--- YOUR OBJECTIVE ---
The copy must match the data below line for line and contain no images.
★ ★ ★ ★ ★ ★ ★
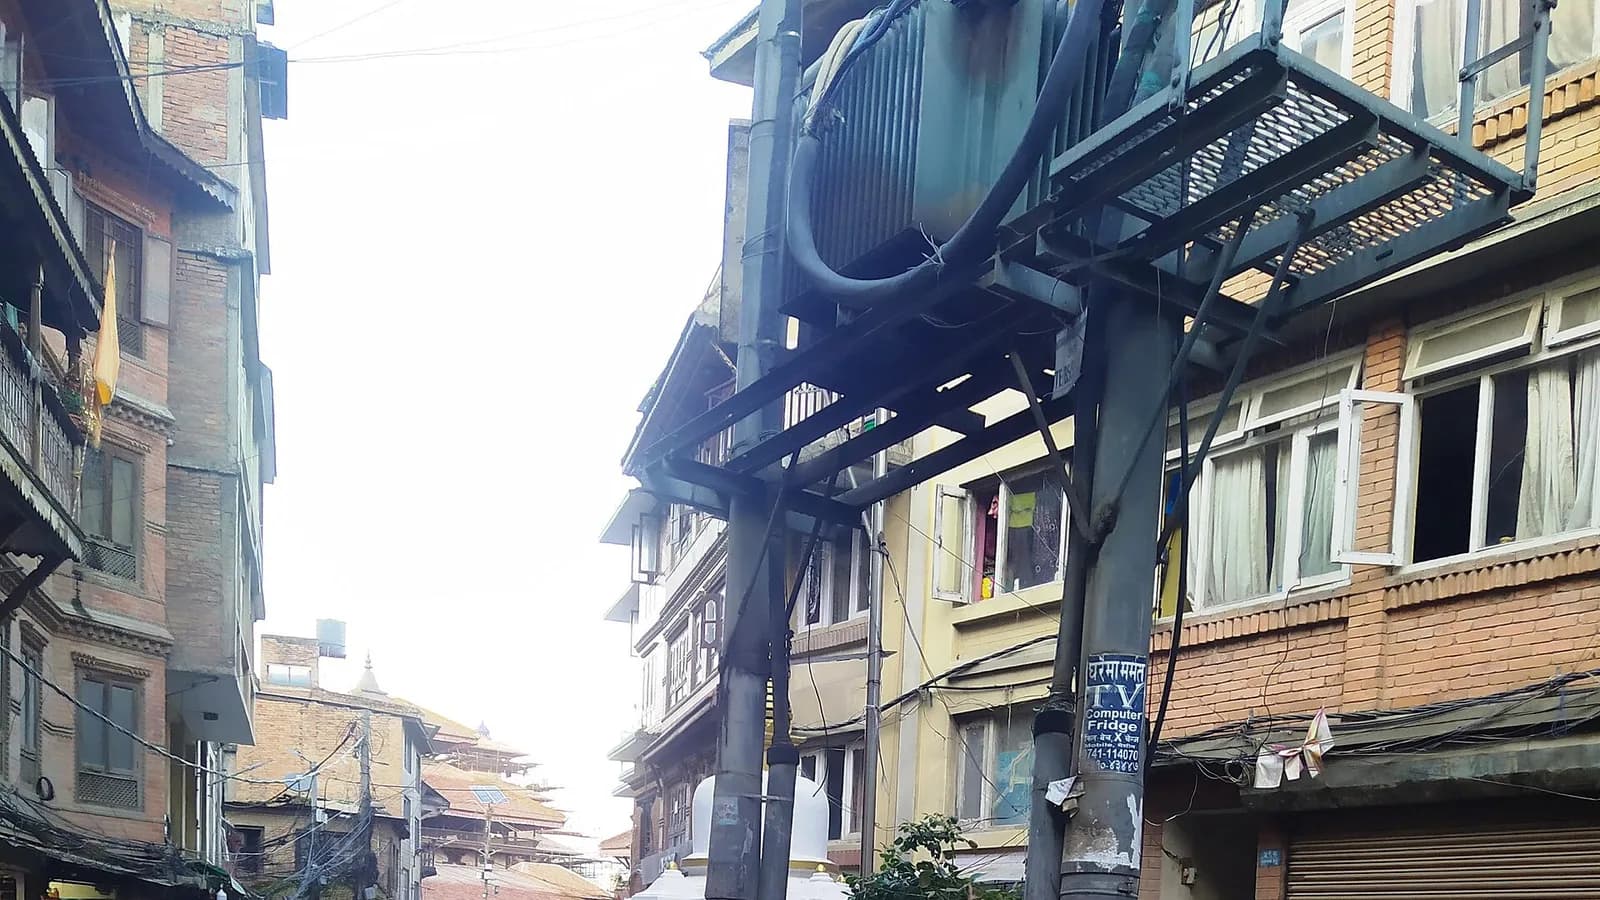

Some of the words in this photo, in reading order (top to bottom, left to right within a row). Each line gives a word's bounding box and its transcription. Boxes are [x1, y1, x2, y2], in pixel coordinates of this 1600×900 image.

[1087, 708, 1142, 721] Computer
[1088, 720, 1138, 733] Fridge
[1083, 748, 1139, 761] 741-114070
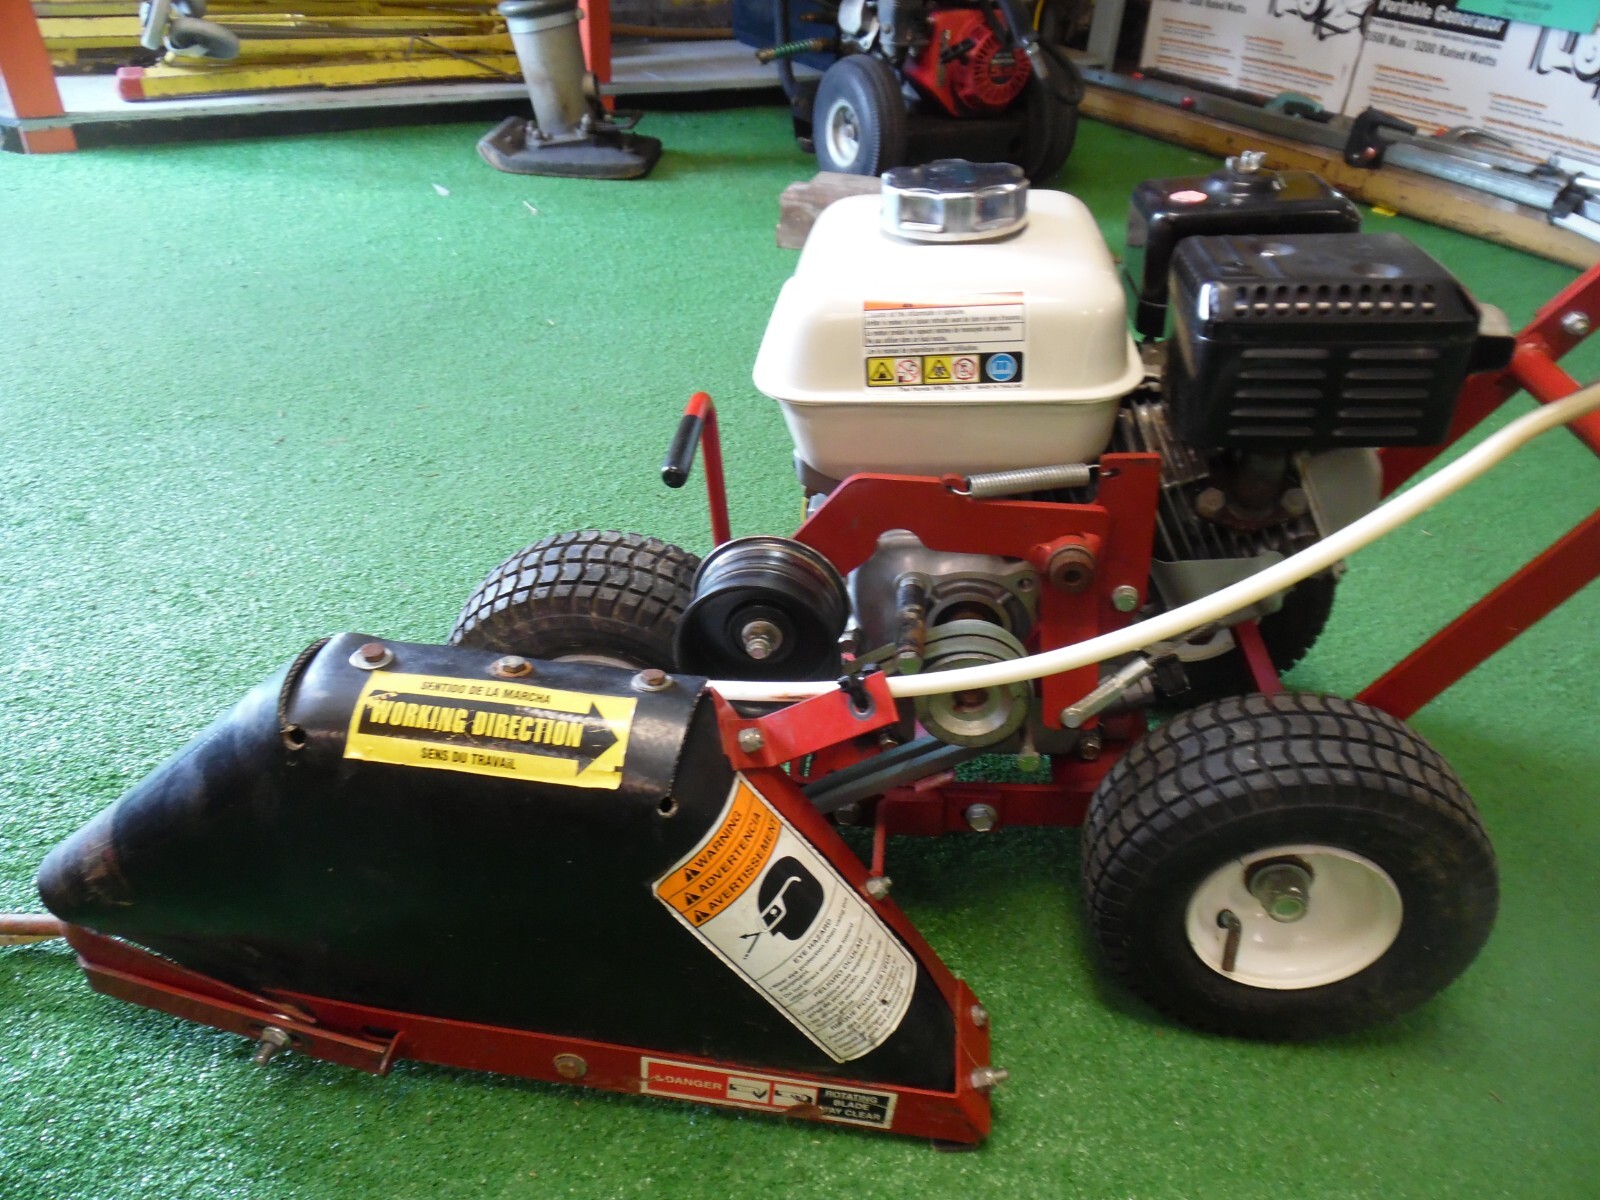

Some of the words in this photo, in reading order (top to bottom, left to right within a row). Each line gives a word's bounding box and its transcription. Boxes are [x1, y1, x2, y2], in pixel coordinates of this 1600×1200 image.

[1377, 0, 1433, 20] Portable
[1434, 4, 1505, 33] Generator
[1439, 45, 1467, 60] Rated
[1469, 51, 1497, 67] Watts
[420, 681, 465, 695] SENTIDO
[469, 686, 484, 695] DE
[485, 687, 500, 698] LA
[502, 689, 551, 704] MARCHA
[368, 699, 467, 733] WORKING
[472, 711, 585, 748] DIRECTION
[420, 747, 447, 762] SENS
[452, 751, 468, 763] DU
[471, 753, 516, 770] TRAVAIL
[693, 809, 742, 866] WARNING
[699, 812, 760, 892] ADVERTENCIA
[709, 818, 776, 911] AVERTISSEMENT
[792, 947, 809, 964] EYE
[806, 917, 832, 950] HAZARD
[813, 968, 843, 997] PELIGRO
[665, 1076, 722, 1091] DANGER
[825, 1090, 878, 1104] ROTATING
[833, 1099, 870, 1111] BLADE
[844, 1109, 881, 1120] CLEAR
★ ★ ★ ★ ★ ★ ★
--- PROBLEM SOLUTION ---
Some of the words in this photo, in reading order (top to bottom, left to right within a row). Each line gives a word's bounding box and its transcription. Boxes are [x1, y1, x2, y2], in pixel coordinates of this 1600×900 image.

[1087, 708, 1142, 721] Computer
[1088, 720, 1138, 733] Fridge
[1083, 748, 1139, 761] 741-114070

Some of the words in this photo, in reading order (top to bottom, left to right within a row). Each line gives a word's bounding box and its transcription. Boxes are [x1, y1, x2, y2], in pixel coordinates of this 1600×1200 image.

[1377, 0, 1433, 20] Portable
[1434, 4, 1505, 33] Generator
[1439, 45, 1467, 60] Rated
[1469, 51, 1497, 67] Watts
[420, 681, 465, 695] SENTIDO
[469, 686, 484, 695] DE
[485, 687, 500, 698] LA
[502, 689, 551, 704] MARCHA
[368, 699, 467, 733] WORKING
[472, 711, 585, 748] DIRECTION
[420, 747, 447, 762] SENS
[452, 751, 468, 763] DU
[471, 753, 516, 770] TRAVAIL
[693, 809, 742, 866] WARNING
[699, 812, 760, 892] ADVERTENCIA
[709, 818, 776, 911] AVERTISSEMENT
[792, 947, 809, 964] EYE
[806, 917, 832, 950] HAZARD
[813, 968, 843, 997] PELIGRO
[665, 1076, 722, 1091] DANGER
[825, 1090, 878, 1104] ROTATING
[833, 1099, 870, 1111] BLADE
[844, 1109, 881, 1120] CLEAR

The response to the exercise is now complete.